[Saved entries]

════

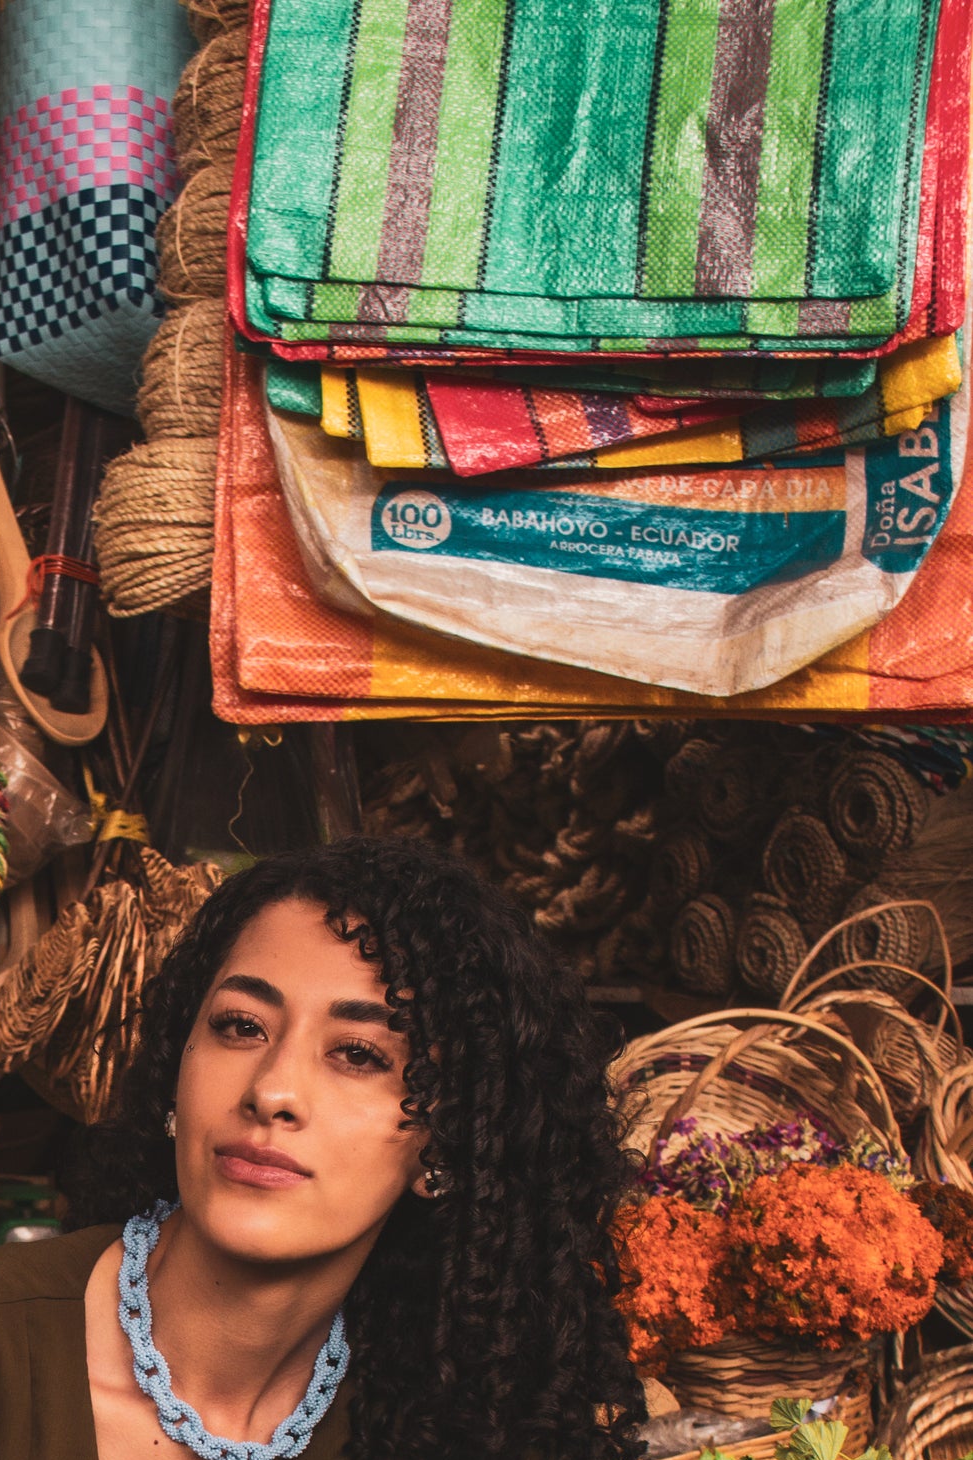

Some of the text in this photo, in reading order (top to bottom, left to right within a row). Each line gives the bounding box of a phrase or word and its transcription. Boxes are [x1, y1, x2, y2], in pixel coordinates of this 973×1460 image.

[659, 474, 694, 496] DE
[702, 477, 777, 501] CADA
[785, 478, 832, 500] DIA
[387, 503, 443, 528] 100
[870, 479, 897, 548] Doña
[391, 524, 442, 542] Lbrs.
[481, 507, 608, 539] BABAHOYO
[630, 525, 741, 553] ECUADOR
[549, 540, 626, 558] ARROCERA
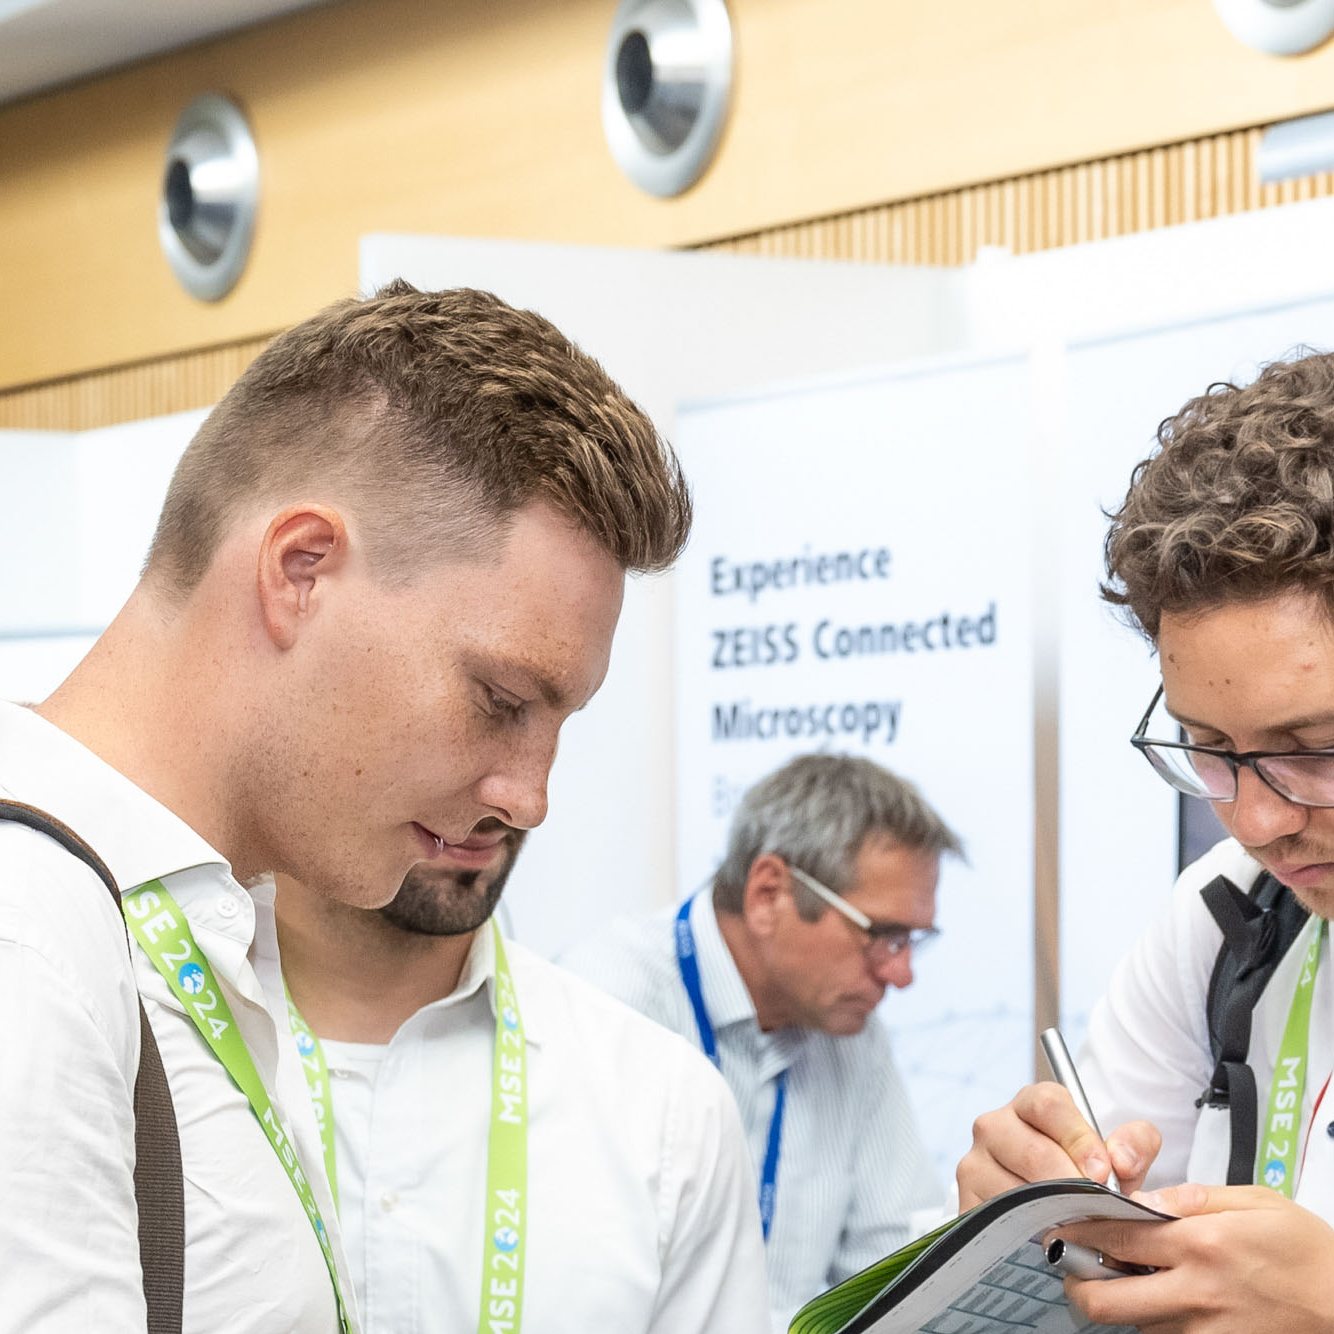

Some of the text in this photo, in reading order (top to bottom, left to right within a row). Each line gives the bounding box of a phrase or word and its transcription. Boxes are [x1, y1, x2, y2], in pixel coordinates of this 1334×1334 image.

[711, 546, 891, 601] Experience
[712, 601, 997, 670] ZEISS Connected
[712, 699, 903, 746] Microscopy
[126, 890, 178, 945] SE
[498, 1053, 523, 1125] MSE
[1270, 1056, 1302, 1134] MSE
[263, 1106, 305, 1193] MSE
[492, 1187, 521, 1271] 2024
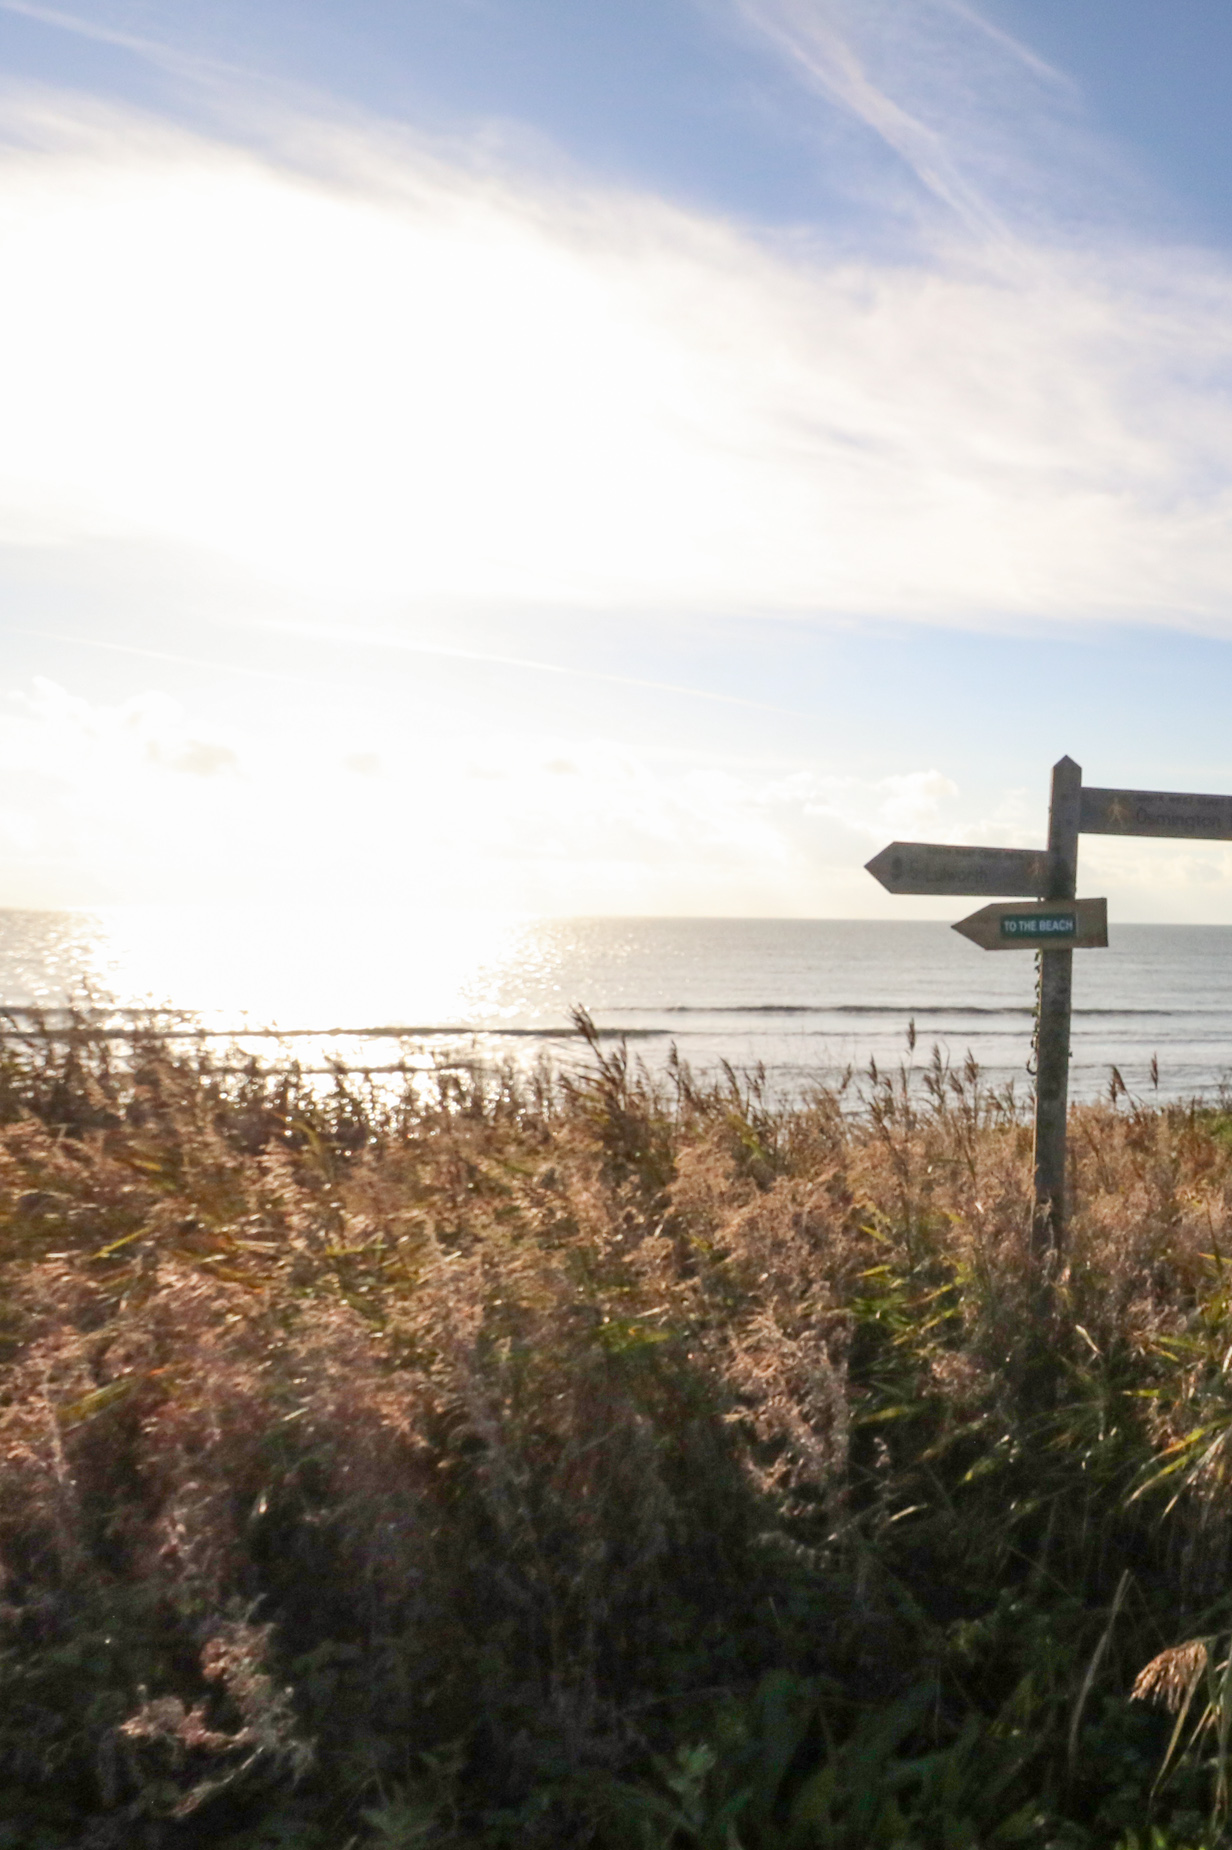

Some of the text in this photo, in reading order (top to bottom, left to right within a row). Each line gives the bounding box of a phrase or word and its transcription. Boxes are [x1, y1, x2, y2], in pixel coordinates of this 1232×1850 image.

════

> **TASK STATEMENT**:
What you give back must be the data above, reproduced exactly and free of pictures.

> **SOLUTION**:
Some of the text in this photo, in reading order (top to bottom, left to right within a row). Each line gives the bounding box of a phrase or word and its transcription. Boxes are [x1, y1, x2, y2], in pixel coordinates of this 973×1460 image.

[659, 474, 694, 496] DE
[702, 477, 777, 501] CADA
[785, 478, 832, 500] DIA
[387, 503, 443, 528] 100
[870, 479, 897, 548] Doña
[391, 524, 442, 542] Lbrs.
[481, 507, 608, 539] BABAHOYO
[630, 525, 741, 553] ECUADOR
[549, 540, 626, 558] ARROCERA

Some of the text in this photo, in reading order (top to bottom, left to right within a row). Each line gives the bounding box of a phrase or word and its transcription. Boxes are [x1, y1, x2, y2], in pixel coordinates of this 1334×1334 image.

[711, 546, 891, 601] Experience
[712, 601, 997, 670] ZEISS Connected
[712, 699, 903, 746] Microscopy
[126, 890, 178, 945] SE
[498, 1053, 523, 1125] MSE
[1270, 1056, 1302, 1134] MSE
[263, 1106, 305, 1193] MSE
[492, 1187, 521, 1271] 2024

Some of the text in this photo, in reading order (top to bottom, left to right within a row). Each line gives the bounding box of a phrase or word and its transcription. Boxes are [x1, y1, x2, y2], in pixel coordinates of this 1232×1850 image.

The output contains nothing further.